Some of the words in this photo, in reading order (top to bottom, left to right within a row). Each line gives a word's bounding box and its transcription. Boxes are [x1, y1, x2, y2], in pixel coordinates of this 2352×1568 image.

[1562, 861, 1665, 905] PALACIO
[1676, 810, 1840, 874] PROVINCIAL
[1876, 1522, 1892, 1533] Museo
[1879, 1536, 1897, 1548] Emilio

────

» Task brief:
Only an exact copy of the entries above will do.

» Your solution:
Some of the words in this photo, in reading order (top to bottom, left to right within a row). Each line gives a word's bounding box and its transcription. Boxes are [x1, y1, x2, y2], in pixel coordinates of this 2352×1568 image.

[1562, 861, 1665, 905] PALACIO
[1676, 810, 1840, 874] PROVINCIAL
[1876, 1522, 1892, 1533] Museo
[1879, 1536, 1897, 1548] Emilio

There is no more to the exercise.